Kaine, 58, edged out two other finalists - Cory Booker, a US senator from New Jersey, and Agriculture Secretary Tom Vilsack, according to a Democratic source familiar with the discussions.
Clinton also bypassed candidates who would have generated more excitement among liberal and Hispanic activists, including progressive favorite US Senator Elizabeth Warren and two Hispanic members of Obama's Cabinet, Julian Castro and Thomas Perez.
The former secretary of state will be formally nominated as the party's presidential candidate for the Nov 8 election at next week's Democratic convention in Philadelphia. She leads Trump in many opinion polls.
Clinton's choice of a running mate could give her campaign momentum heading into the convention, as the fight for the White House begins a more than three-month push to the finish.
Clinton, 68, acknowledged in an interview earlier this week that even Kaine admits he is boring, and said she did not mind.
“I love that about him,” she told Charlie Rose of CBS News and PBS. “He's never lost an election. He was a world-class mayor, governor and senator and is one of the most highly respected senators I know.”
A campaign official said Clinton was impressed with Kaine's down-to-earth style when she campaigned with him in Virginia last week. Afterwards, Kaine went back to her house in Washington, DC, for a 90-minute evening meeting.
Two days later, Kaine and his wife, Anne, joined Clinton in New York for lunch, along with Clinton's husband, former President Bill Clinton, daughter Chelsea and Chelsea's husband. Kaine was the only vice presidential candidate to have a private family lunch during the vetting process, the official said.

Glad to see them

Clinton's campaign chairman, John Podesta, who led the search, offered her advice. “It needs to be someone who whenever they walk into a room you are glad to see them and want to have them as part of any conversation,” the campaign official quoted Podesta telling her.
Kaine's first appearance with Clinton will be on Saturday at an event in Miami, a campaign aide said. “Just got off the phone with Hillary. I'm honored to be her running mate. Can't wait to hit the trail tomorrow in Miami,” Kaine said on Twitter.

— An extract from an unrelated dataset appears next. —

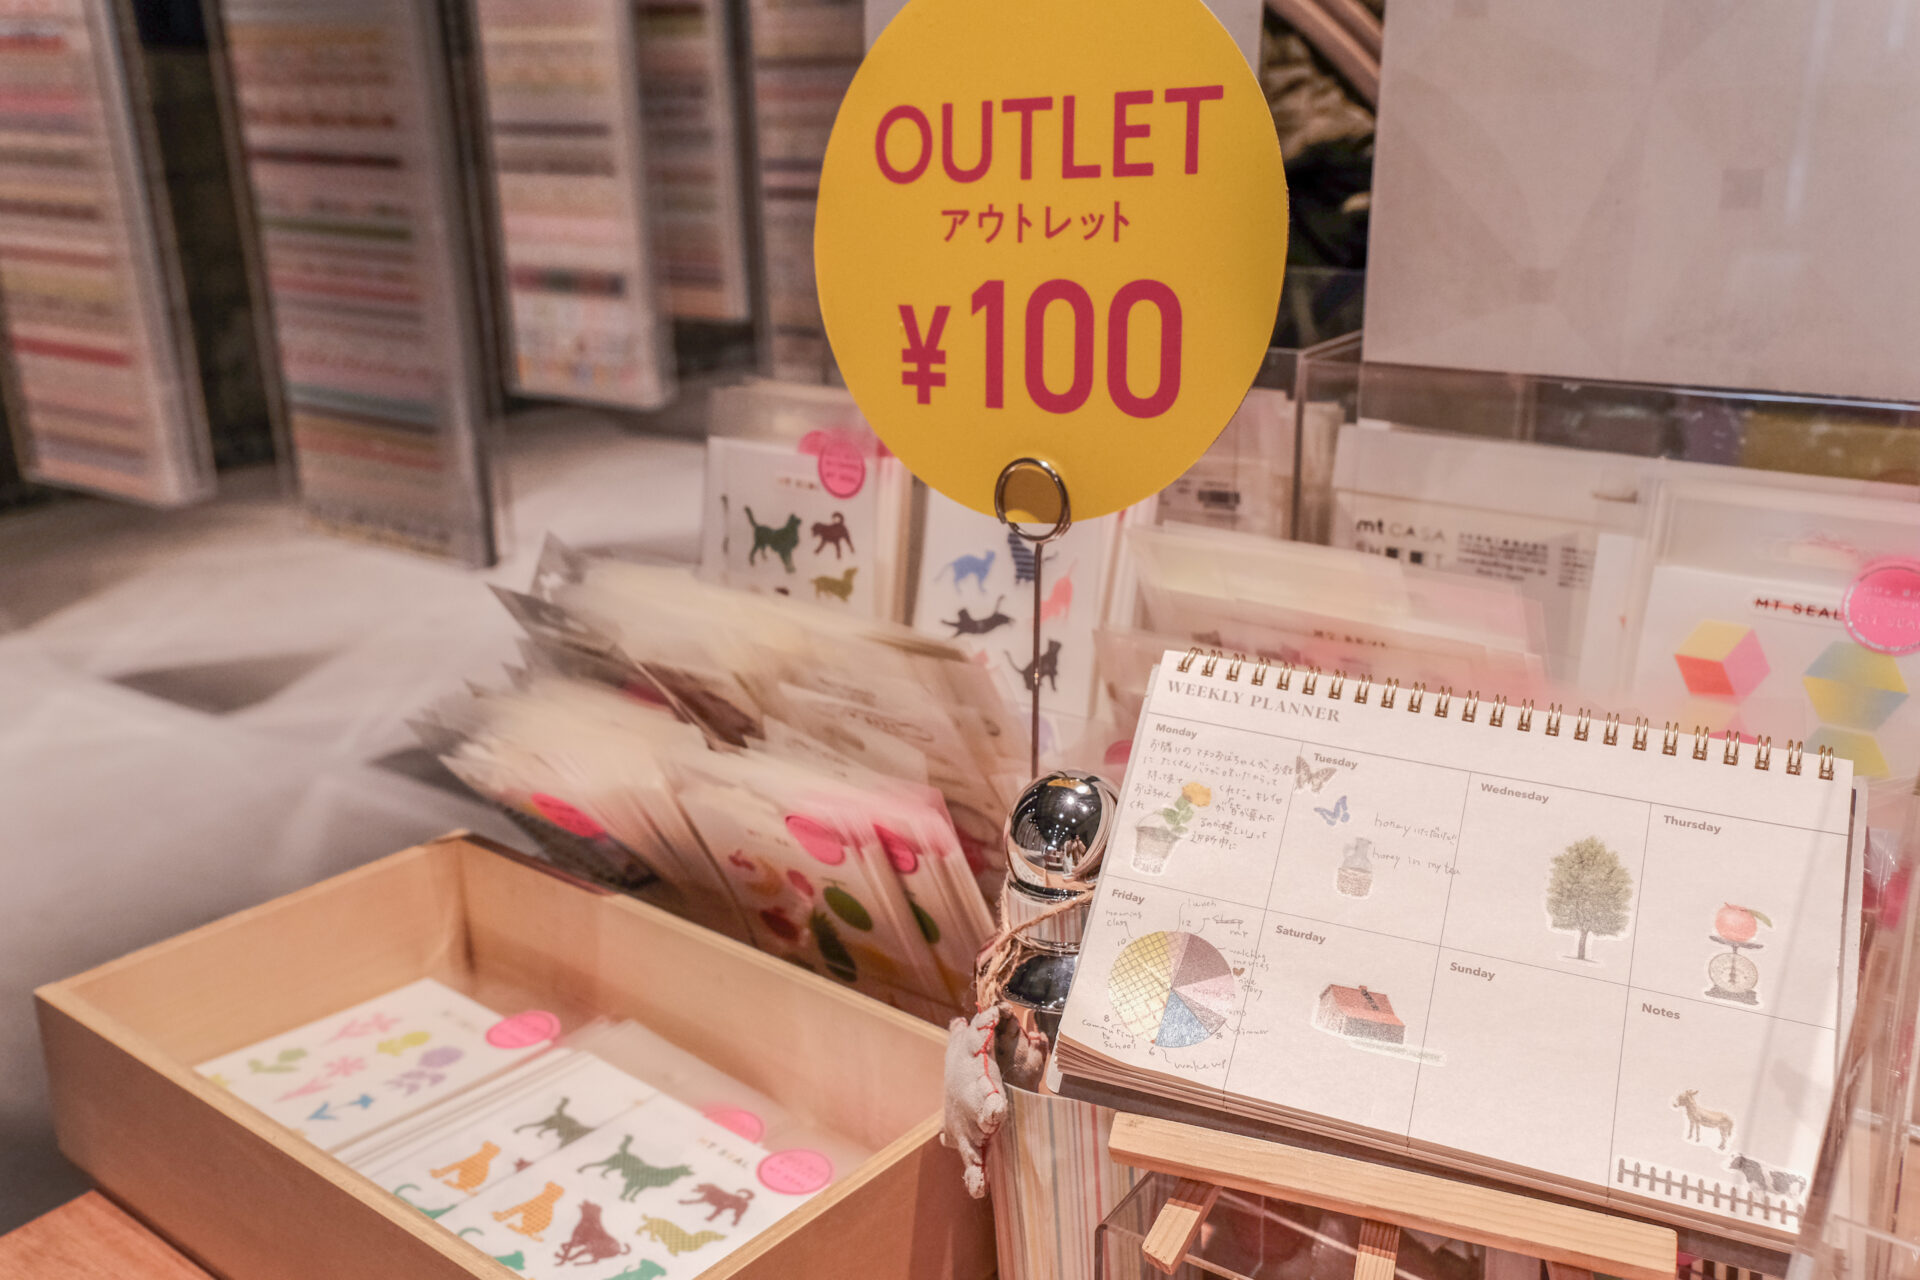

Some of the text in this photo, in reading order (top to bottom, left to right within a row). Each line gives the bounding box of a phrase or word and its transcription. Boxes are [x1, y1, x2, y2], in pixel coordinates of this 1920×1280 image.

Liberal groups, which had pressured Clinton not to pick Kaine because of his support for fast-track authority for the White House to negotiate the Trans-Pacific Partnership, were dismayed by the choice. Critics of the Asia free-trade deal, including Trump and Clinton's Democratic primary rival Bernie Sanders, say it would be unfair to US workers and kill jobs.
Clinton praised the deal when she was secretary of state, but has since distanced herself from it.
“Republicans will run hard against Democrats on trade this year. Unfortunately, since Tim Kaine voted to fast-track the Trans-Pacific Partnership, Republicans now have a new opening to attack Democrats on this economic populist issue,” said Stephanie Taylor, co-founder of the Progressive Change Campaign Committee.
Hispanic activists also may be annoyed with the pick of Kaine given that Latino candidates were again passed over, though some Latino advocacy groups praised the choice.
“She has chosen a running mate that has a track record of advocating and fighting for the issues that affect the Latino community and our nation: immigration, healthcare, women's rights and the environment,” said Ben Monterroso, executive director of Mi Familia Vota.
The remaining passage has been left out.